Biomarker helps tailor steroid treatment in severe asthma

Asthma

By Nicola Garrett

13 Aug 2015

Tailoring the dose of oral corticosteroids in people with severe asthma according to their levels of blood eosinophils can reduce the number of exacerbations, improve asthma symptoms and reduce overall steroid usage, a small Australian pilot study shows.

Speaking to the limbic lead author Peter Wark from the Centre for Asthma and Respiratory Disease at the University of Newcastle said that most patients with severe asthma required long-term oral steroids which had many well-documented side effects.

The aim of their study was to see whether using a simple biomarker – blood eosinophil count – was a better way to adjust steroid doses in these patients compared to usual clinician assessment based on patient symptoms.

The pilot study included 11 patients with severe asthma who were on optimal treatment with inhaled steroids.

All patients had an initial 7-day course of prednisone at 37.5 mg daily before proceeding to a dose adjustment of 15 mg daily for a month if their peripheral eosinophil count (PBE) was less than 0.2 x 109/L. After this point their dosage was titrated up or down depending on whether they maintained the PBE cut off of <0.2 (see paper for precise algorithm).

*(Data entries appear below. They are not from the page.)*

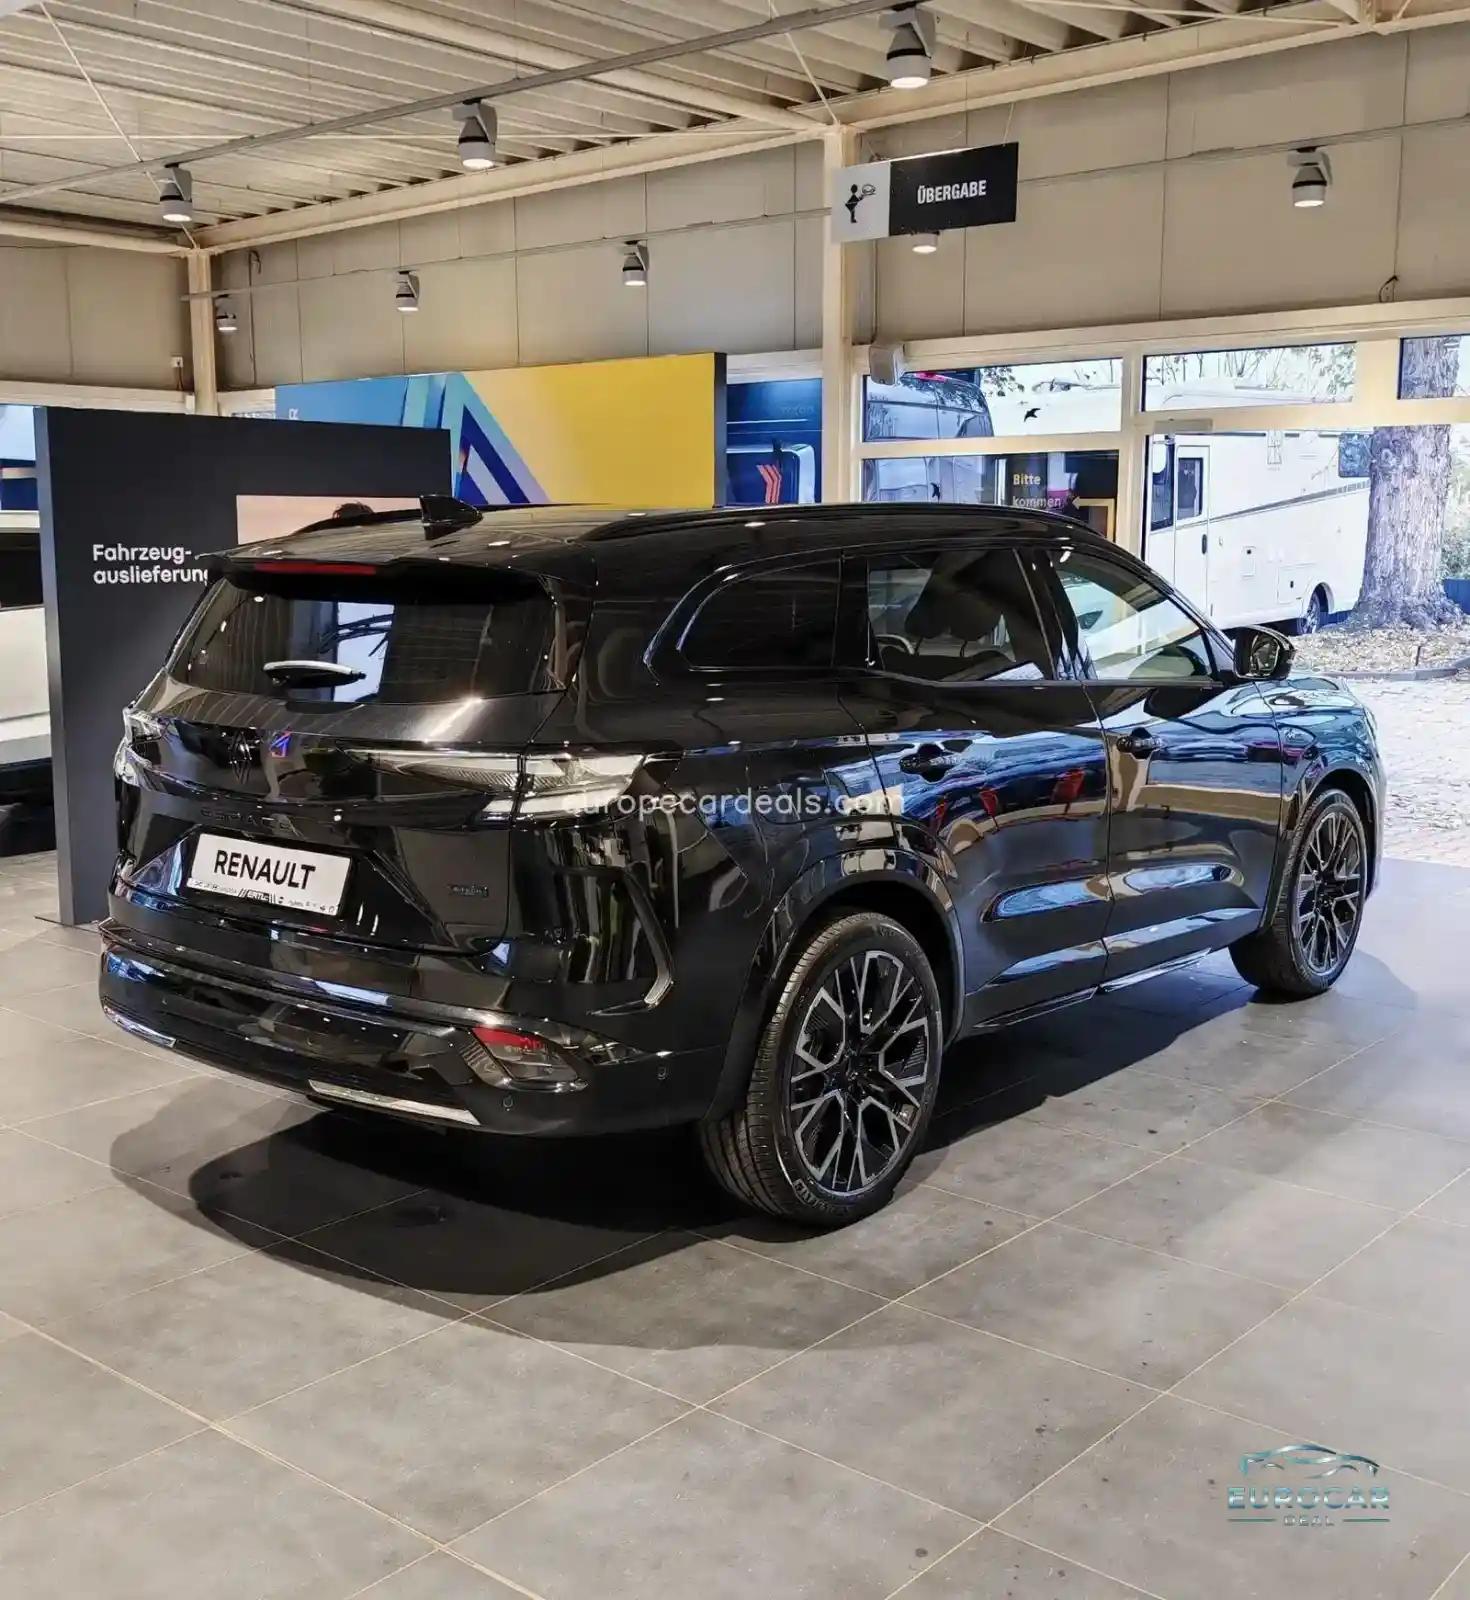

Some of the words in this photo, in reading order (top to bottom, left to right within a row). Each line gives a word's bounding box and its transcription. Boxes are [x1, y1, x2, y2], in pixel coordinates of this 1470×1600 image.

[917, 180, 987, 204] ÜBERGABE
[1013, 474, 1041, 485] Bitte
[1012, 495, 1062, 508] kommen
[92, 543, 192, 565] Fahrzeug-
[213, 850, 316, 890] RENAULT

The research team discovered that adjustment of oral steroid dose using the algorithm was successful in preventing exacerbations, improving asthma control and resulted in lower overall doses of prednisone.

For instance patients had a median of five exacerbations in the six months prior to treatment but during treatment with the algorithm over half of the patients had no exacerbations, two had one exacerbation, and one patient who continued to smoke had three.

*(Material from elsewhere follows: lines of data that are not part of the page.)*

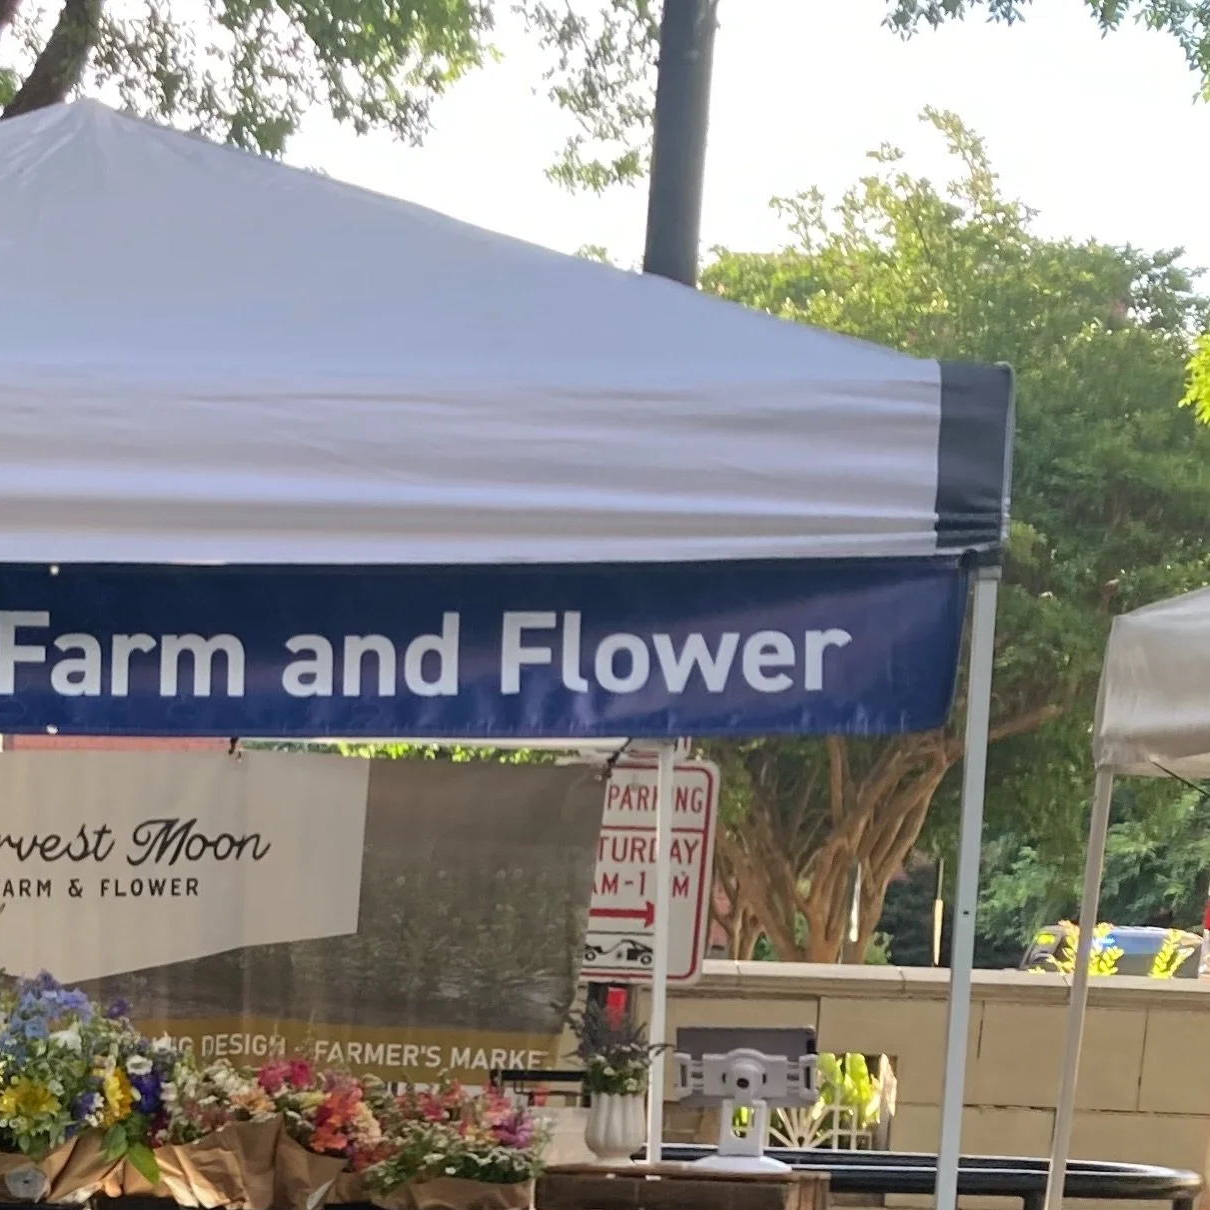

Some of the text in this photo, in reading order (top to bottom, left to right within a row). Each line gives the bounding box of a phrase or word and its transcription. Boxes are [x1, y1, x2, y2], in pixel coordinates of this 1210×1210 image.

[281, 611, 460, 697] and
[500, 611, 852, 695] Flower
[607, 785, 703, 813] PARNG
[126, 817, 272, 867] Moon
[68, 878, 83, 898] &
[100, 878, 200, 898] FLOWER
[314, 1040, 442, 1068] FARMER'S
[450, 1047, 549, 1070] MARKE

The total prednisone dose used in the six-month treatment period resulted in a mean total dose of 509 mg compared to 1820 mg in the previous six months.

While the findings were limited to a small number of severe asthma patients, “the careful characterization and then selection based on a biomarker of both disease activity and treatment response appeared to be successful and easily executed in the clinical setting,” the researchers concluded in their paper published in Respirology.

If confirmed in a larger clinical trial with a control arm the findings could substantially change clinical practice, Wark said.